How to insert a rendering in a photo
How to insert a rendering in a photo? The first step towards inserting a rendering in a picture is to place the Domus.Cad camera in the same position as the real life camera. Place the observed point in Domus.Cad on the point corresponding to the center of the photo. Set the camera angle parameter the same as the lens of the camera. Set the Domus.Cad light direction parallel to the direction of the light in the picture. The sun light generation tool can help you. Set the 3D view background color to white. After that you should obtain a 3D view that is consistent with the photo perspective. Save the image on a free layer. Select the image and with the PictRot module of the Plug In menu change the image to make the white color transparent. Select the image and group it in an object. Place the object on the top of the photo. Resize the object, with the mouse, so that it is perfectly superimposed on the photo.
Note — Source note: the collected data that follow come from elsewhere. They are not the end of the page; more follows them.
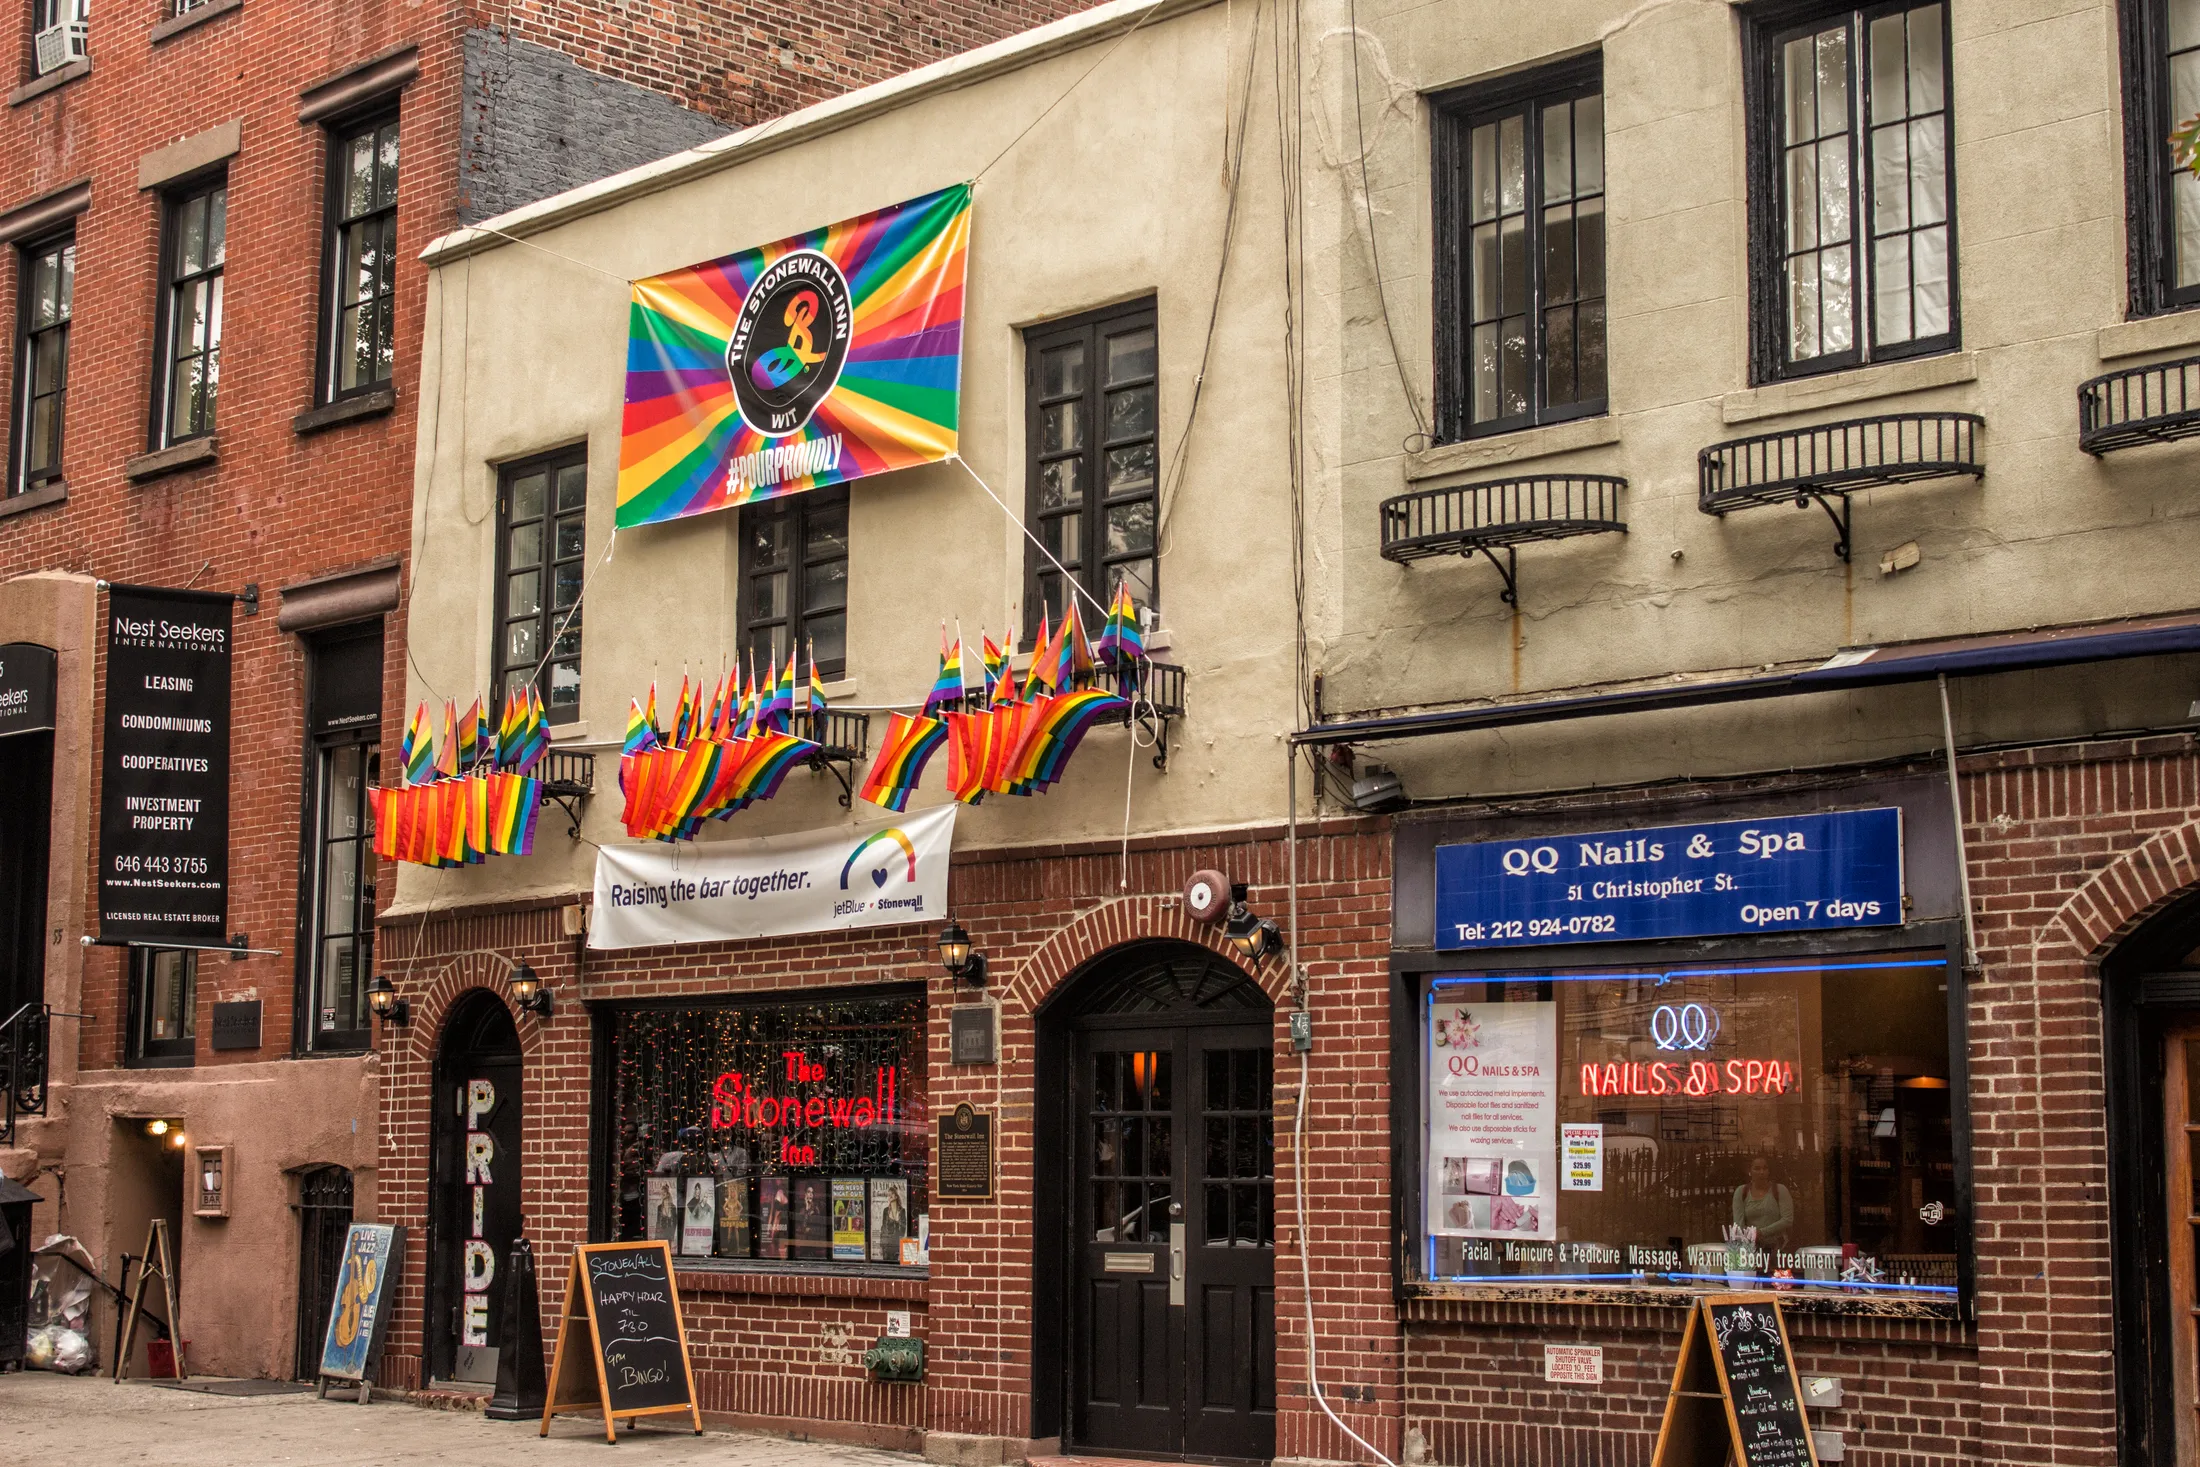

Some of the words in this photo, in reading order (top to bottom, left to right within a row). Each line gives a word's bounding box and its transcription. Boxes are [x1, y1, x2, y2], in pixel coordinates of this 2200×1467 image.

[731, 318, 752, 367] THE
[749, 258, 836, 315] STONEWALL
[833, 294, 848, 340] INN
[771, 407, 797, 429] WIT
[726, 432, 843, 495] #POURPROUDLY
[116, 617, 155, 637] Nest
[160, 620, 225, 642] Seekers
[115, 637, 224, 653] INTERNATIONAL
[145, 675, 193, 692] LEASING
[122, 714, 212, 733] CONDOMINIUMS
[327, 713, 378, 726] www.NestSeekers.com
[122, 755, 208, 772] COOPERATIVES
[127, 796, 201, 813] INVESTMENT
[133, 815, 193, 831] PROPERTY
[1502, 845, 1560, 876] QQ
[1579, 837, 1665, 868] Nails
[1685, 832, 1715, 860] &
[1737, 828, 1806, 860] Spa
[115, 855, 140, 872] 646
[144, 856, 169, 873] 443
[174, 857, 207, 874] 3755
[106, 879, 220, 889] www.NestSeekers.com
[611, 881, 667, 909] Raising
[670, 878, 696, 902] the
[700, 877, 730, 899] bar
[732, 869, 811, 900] together.
[1567, 884, 1583, 902] 51
[1591, 876, 1703, 901] Christopher
[1713, 873, 1739, 893] St.
[833, 899, 865, 918] jetBlue
[878, 894, 923, 910] Stonewall
[1740, 903, 1800, 928] Open
[1805, 900, 1820, 920] 7
[1825, 898, 1882, 922] days
[106, 912, 141, 921] LICENSED
[143, 913, 161, 921] REAL
[164, 913, 190, 922] ESTATE
[192, 914, 220, 922] BROKER
[52, 929, 64, 945] 55
[1456, 922, 1486, 941] Tel:
[1490, 919, 1523, 940] 212
[1528, 914, 1615, 937] 924-0782
[782, 1052, 825, 1082] The
[1448, 1055, 1479, 1077] QQ
[1482, 1066, 1510, 1077] NAILS
[1511, 1066, 1519, 1076] &
[1521, 1066, 1540, 1077] SPA
[1581, 1060, 1667, 1097] NAILS
[1686, 1060, 1709, 1096] &
[1726, 1059, 1787, 1096] SPA
[711, 1066, 895, 1130] Stonewall
[1445, 1101, 1476, 1109] Disposable
[1477, 1101, 1489, 1109] foot
[1490, 1101, 1500, 1109] files
[1501, 1101, 1513, 1109] and
[1482, 1125, 1512, 1133] disposable
[781, 1136, 815, 1166] Inn
[204, 1196, 220, 1204] BAR
[462, 1078, 496, 1348] PRIDE
[360, 1229, 376, 1241] LIVE
[358, 1241, 376, 1253] JAZZ
[590, 1253, 662, 1274] STONEWALL
[1462, 1241, 1493, 1261] Facial
[1506, 1242, 1554, 1262] Manicure
[1559, 1243, 1567, 1263] &
[1572, 1243, 1620, 1264] Pedicure
[1629, 1244, 1682, 1269] Massage,
[1739, 1247, 1770, 1273] Body
[1777, 1249, 1837, 1270] treatment
[600, 1290, 635, 1307] HAPPY
[637, 1291, 667, 1304] HOUR
[617, 1320, 649, 1334] 730
[1574, 1348, 1600, 1357] SPRINKLER
[618, 1360, 670, 1390] BINGO!
[1550, 1371, 1573, 1379] OPPOSITE
[1574, 1372, 1585, 1380] THIS
3D perspective onto a photo of landscape
Is it possible to paste a 3D perspective onto a photo of landscape, in order to show the project's integration into its environment? There are several interesting dxf and dwg models that you can import in Domus.Cad. To superimpose a Domus.Cad rendering onto a photo in Domus.Cad follow the steps below:
- Import the photo in Domus.Cad
- Generate the rendering with a white background
- Save the rendering to a free layer
- Select the rendering image and choose the PictRot command from the Modules menu
- Set 0 rotation, million of colors, 72 dpi and white transparent. Confirm
- Now you can move the rendering onto the photo because the background is transparent.
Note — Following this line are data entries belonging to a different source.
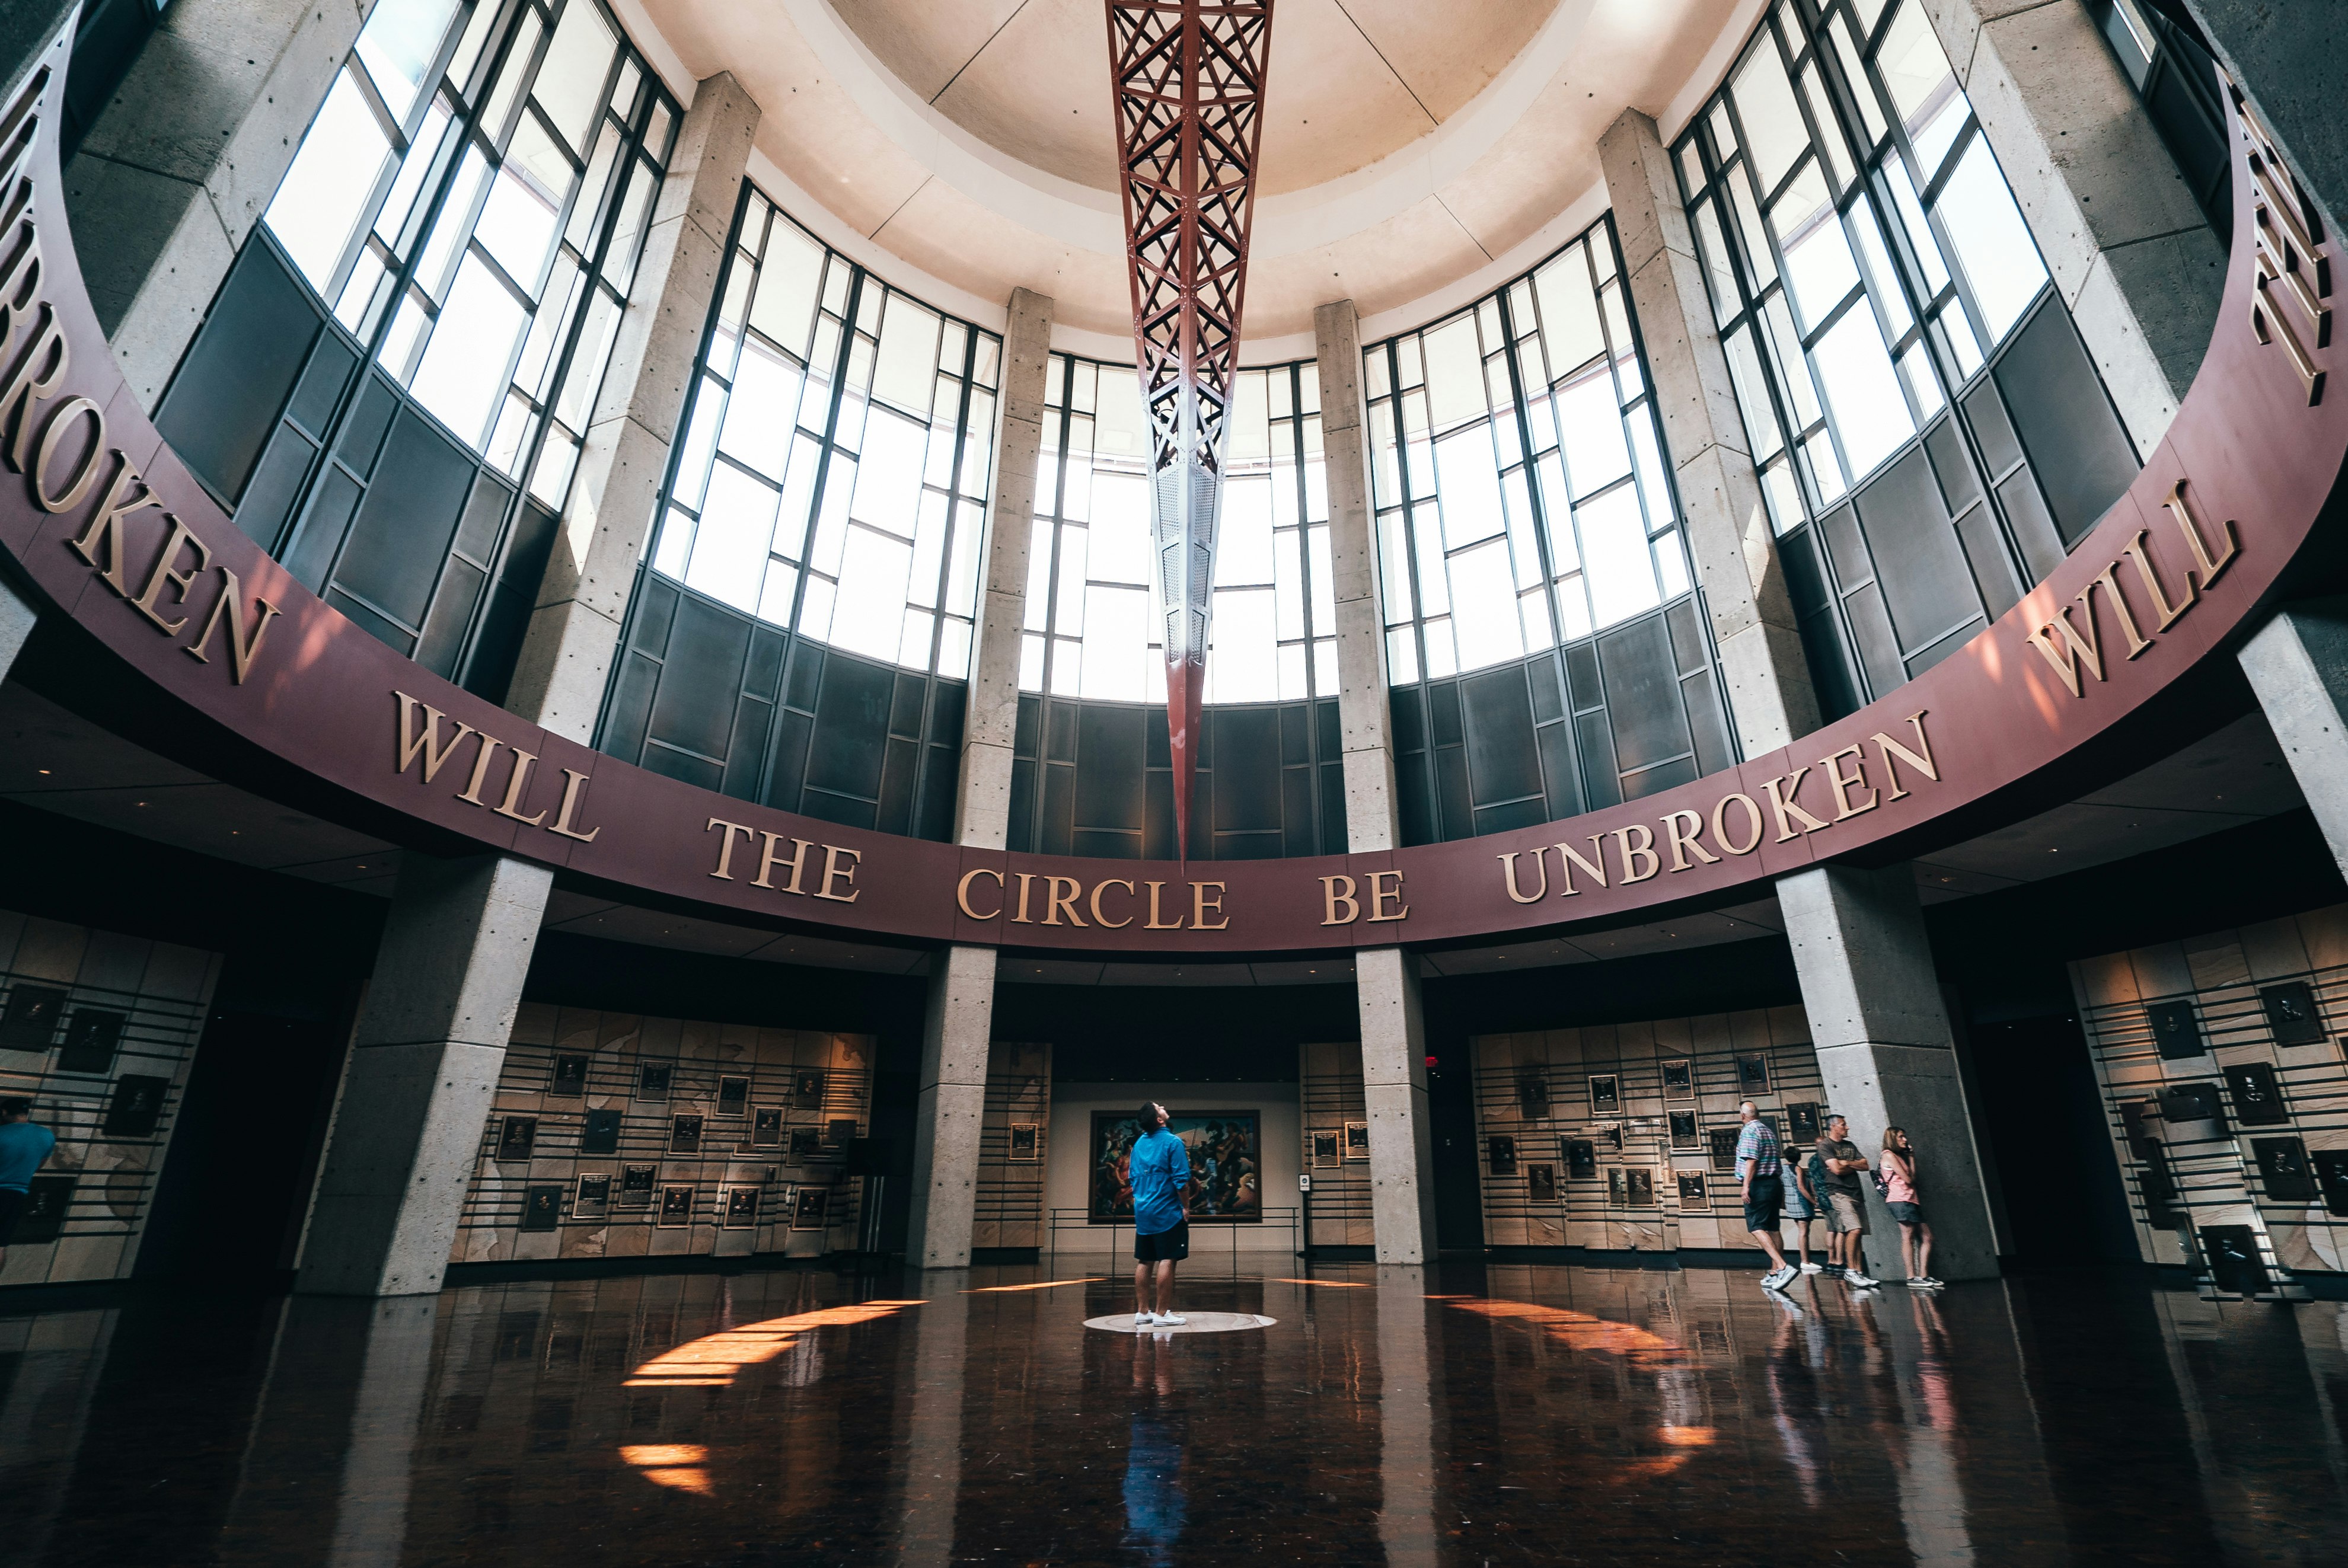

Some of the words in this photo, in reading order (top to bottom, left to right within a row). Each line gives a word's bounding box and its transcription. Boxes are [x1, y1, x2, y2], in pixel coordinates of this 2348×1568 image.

[394, 690, 601, 843] WILL
[707, 817, 861, 903] THE
[956, 868, 1230, 930] CIRCLE
[1318, 869, 1409, 926] BE
[1497, 709, 1940, 904] UNBROKEN
[2027, 478, 2241, 698] WILL
I would like to add texture to a 3D perspective, but when I "paste" a fill to the floor, it is visible only in 2D. In the 3D view you can use photorealistic textures. Go to the Colors parameters, associate a texture to a color, activate the texture check box on the color parameters dialog and on the 3D view (far right button).
Add a texture to the texture list
How to add a texture to the texture list? In your Domus,Cad folder you should have a DOMUS-Cad Texture folder. On Windows the Texture folder is inside the Domus.Cad Data folder, on Macintosh there is an alias on the Domus.Cad folder Any image added to this folder will be accessible via the internal texture menu in the Materials Windows of Domus.Cad. If , on a Mac, the texture folder alias doesn't work, you can access the Texture folder directly inside the Domus.Cad Package. To do that, follow the steps below: - Ctrl click on the Domus.Cad icon and on the pop up menu choose the Show Package content command - Open the Content folder - Open the MacOs folder - Open Domus-Cad Data folder - Open the Domus-Cad Texture folder - Drag your Texture to the Domus-Cad Textures folder
How to use specular color and coefficient?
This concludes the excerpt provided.